Эти рассуждения прервал звонок телефона. Это был адвокат, которому предстояло защищать на суде Артура. Измученным голосом он, по сути, пересказал то, что им уже сообщил помощник окружного прокурора. У адвоката не нашлось никаких конструктивных предложений, зато он недвусмысленно убеждал Райма повлиять на Артура таким образом, чтобы тот согласился признать себя виновным.
– Прокурор припрет моего подзащитного к стенке, – причитал адвокат. – Сделайте для него доброе дело!

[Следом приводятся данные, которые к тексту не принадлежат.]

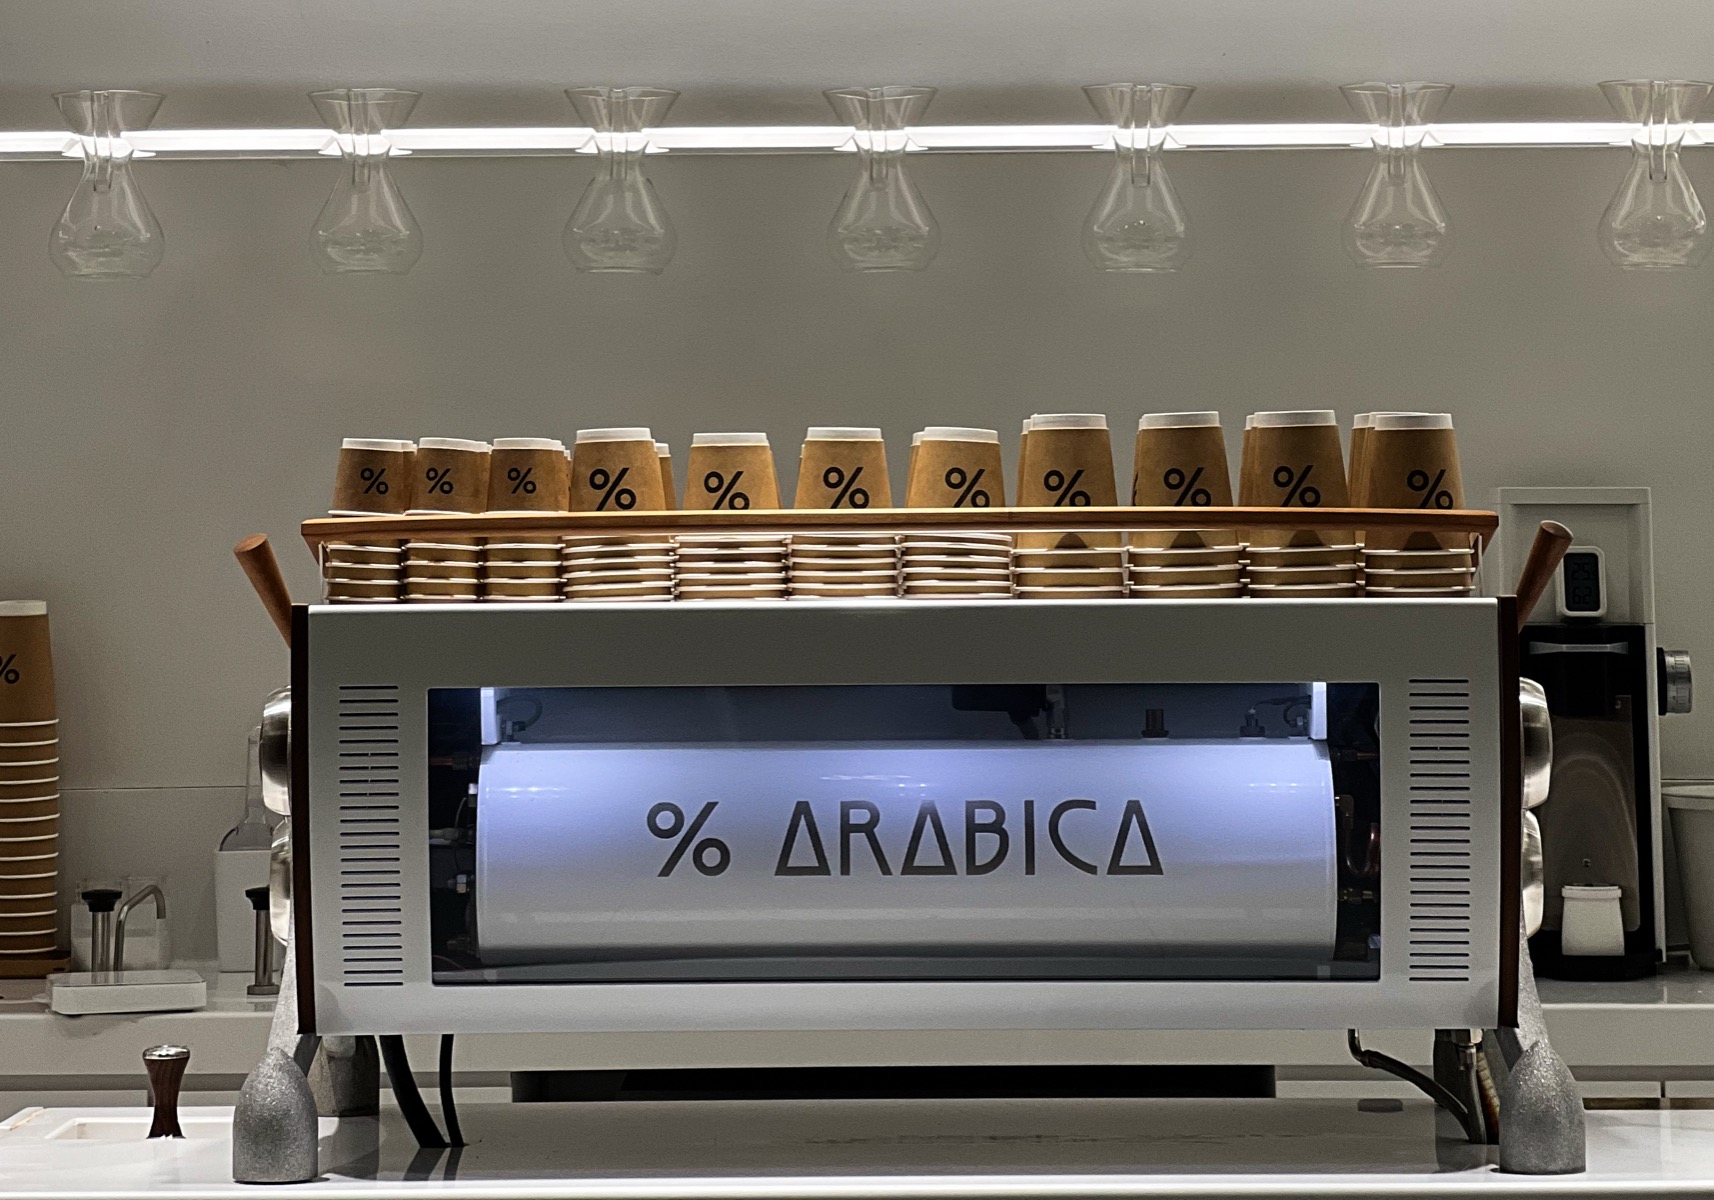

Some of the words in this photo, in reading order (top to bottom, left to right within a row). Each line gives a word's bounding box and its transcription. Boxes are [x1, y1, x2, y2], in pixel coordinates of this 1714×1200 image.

Тогда пятнадцать лет я гарантирую.
– Для Артура это крах, – сказал Райм.
– Настоящий крах наступит, когда его приговорят к пожизненному заключению!
Райм холодно попрощался и отключил связь. Потом вернулся к изучению списка вещественных доказательств.
Внезапно криминалиста осенило.
– В чем дело? – Сакс заметила, как Райм задумчиво уперся взглядом в потолок.
– А что, если он и прежде это проделывал?
– Что ты имеешь в виду?
– Предположим, кража картины действительно его истинная цель или мотив. Но это не мог быть однократный ход – сорвал куш и вышел из игры. Прескотт не Ренуар, которого сбыл миллионов за десять, и поминай как звали. Тут, похоже, целое предприятие. Преступник изобрел хитроумный способ избегать наказания, и он будет пользоваться им, пока его не остановят.